Enhance Token Creation with Policy Support (#76)

- Implement creation of policies. - Integrate policy addition during token creation.
criteo · May 23, 2024 · 4042528 · 4042528
1 parent 93df72e
commit 4042528
Show file tree

Hide file tree

Showing 2 changed files with 33 additions and 1 deletion.
diff --git a/consul/api/acl/policy.py b/consul/api/acl/policy.py
@@ -1,3 +1,5 @@
+import json
+
 from consul.callback import CB
 
 
@@ -30,3 +32,29 @@ def read(self, uuid, token=None):
         if token:
             params.append(("token", token))
         return self.agent.http.get(CB.json(), f"/v1/acl/policy/{uuid}", params=params)
+
+    def create(self, name, token=None, description=None, rules=None):
+        """
+        Create a policy
+        This is a privileged endpoint, and requires a token with acl:write.
+        :param name: Specifies a name for the ACL policy.
+        :param token: token with acl:write capability
+        :param description: Free form human readable description of the policy.

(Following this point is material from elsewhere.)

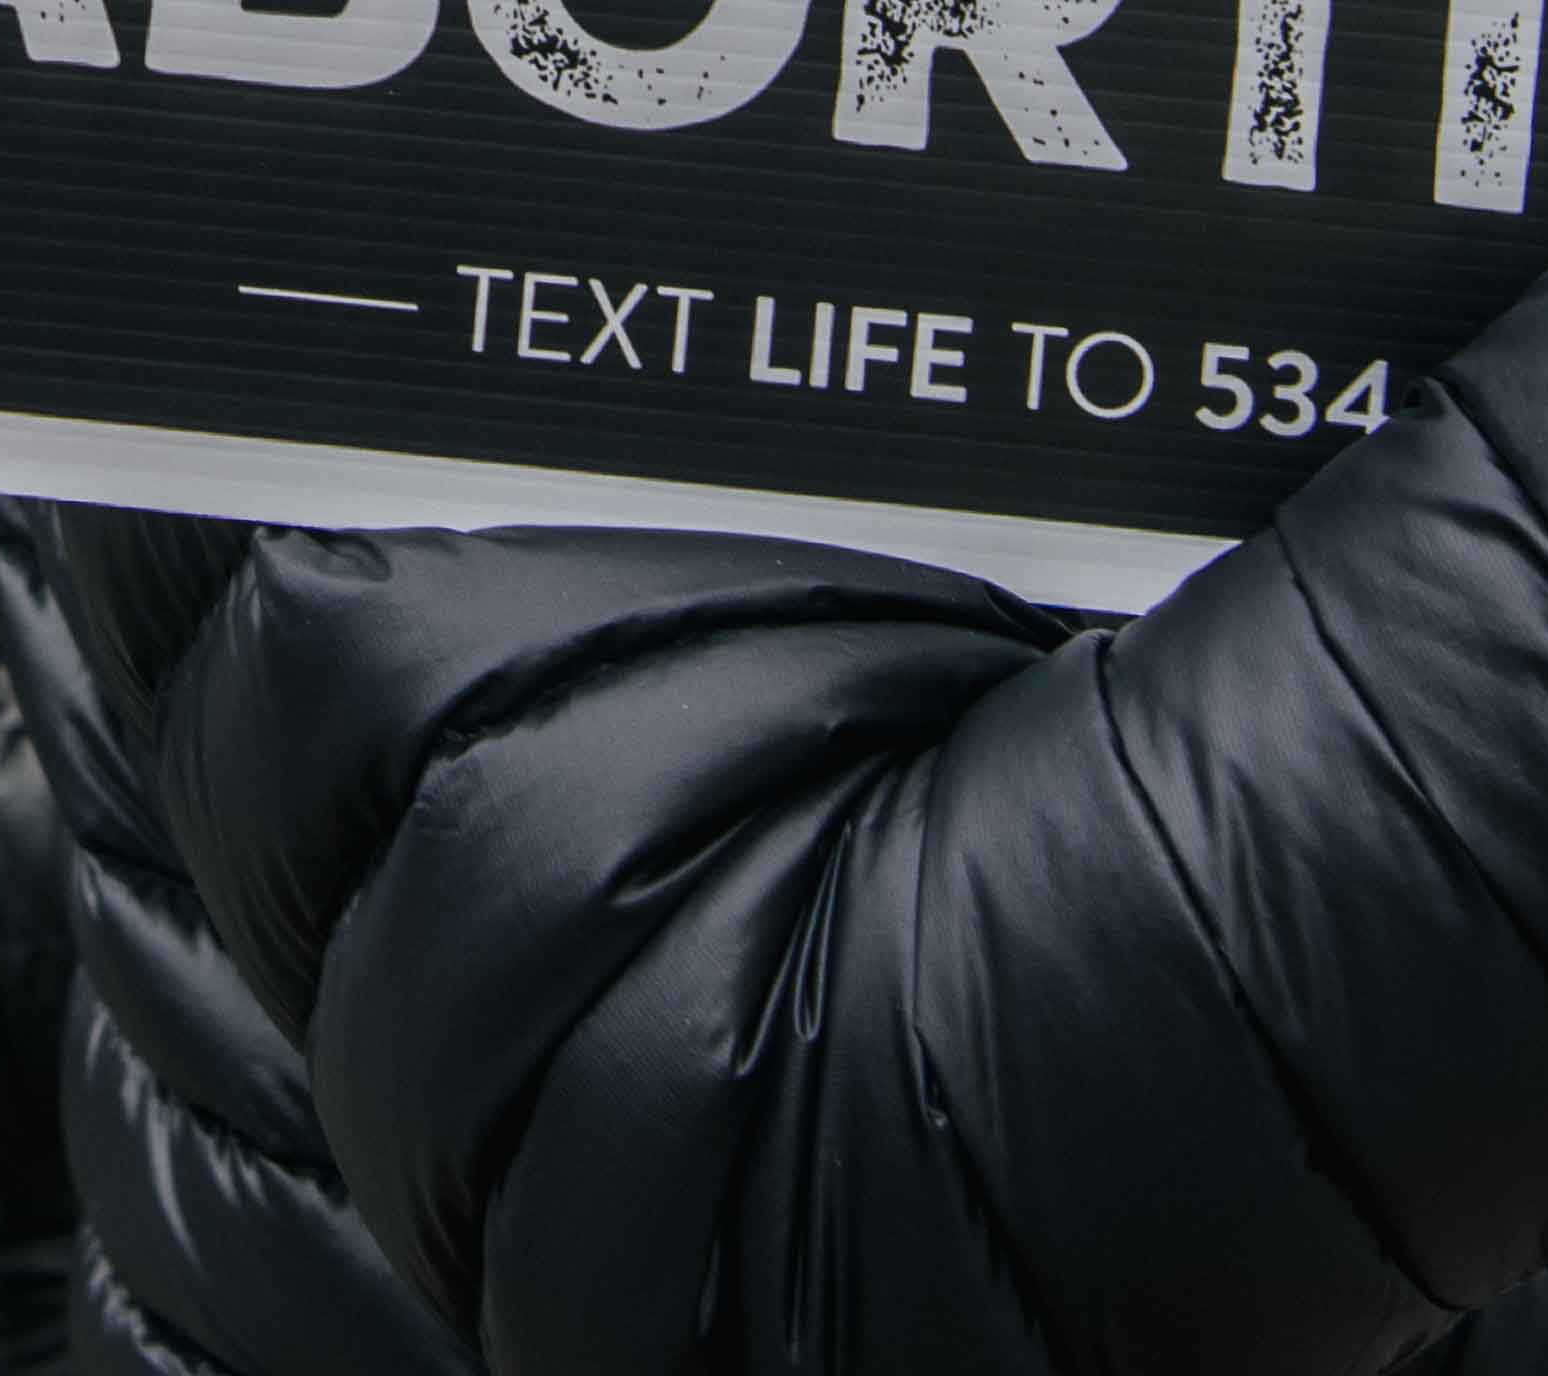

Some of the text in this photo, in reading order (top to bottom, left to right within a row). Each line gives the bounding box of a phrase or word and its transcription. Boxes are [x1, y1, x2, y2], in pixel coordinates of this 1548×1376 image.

[456, 264, 714, 375] TEXT
[749, 295, 974, 404] LIFE
[1011, 322, 1155, 420] TO

+        :param rules: Specifies rules for the ACL policy.
+        :return: The cloned token information
+        """
+        params = []
+        token = token or self.agent.token
+        if token:
+            params.append(("token", token))

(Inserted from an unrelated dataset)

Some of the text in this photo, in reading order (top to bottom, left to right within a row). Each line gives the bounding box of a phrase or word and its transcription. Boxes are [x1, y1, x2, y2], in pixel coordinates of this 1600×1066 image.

+        json_data = {"name": name}
+        if rules:
+            json_data["rules"] = json.dumps(rules)
+        if description:
+            json_data["Description"] = description
+        return self.agent.http.put(
+            CB.json(),
+            "/v1/acl/policy",
+            params=params,
+            data=json.dumps(json_data),
+        )
diff --git a/consul/api/acl/token.py b/consul/api/acl/token.py
@@ -67,14 +67,15 @@ def clone(self, accessor_id, token=None, description=""):
             data=json.dumps(json_data),
         )
 
-    def create(self, token=None, accessor_id=None, secret_id=None, description=""):
+    def create(self, token=None, accessor_id=None, secret_id=None, policies_id=None, description=""):
         """
         Create a token (optionally identified by *secret_id* and *accessor_id*).
         This is a privileged endpoint, and requires a token with acl:write.
         :param token: token with acl:write capability
         :param accessor_id: The accessor ID of the token to create
         :param secret_id: The secret ID of the token to create
         :param description: Optional new token description
+        :param policies: Optional list of policies id
         :return: The cloned token information
         """
         params = []
@@ -89,6 +90,9 @@ def create(self, token=None, accessor_id=None, secret_id=None, description=""):
             json_data["SecretID"] = secret_id
         if description:
             json_data["Description"] = description
+        if policies_id:
+            json_data["Policies"] = [{"ID": policy} for policy in policies_id]
+
         return self.agent.http.put(
             CB.json(),
             "/v1/acl/token",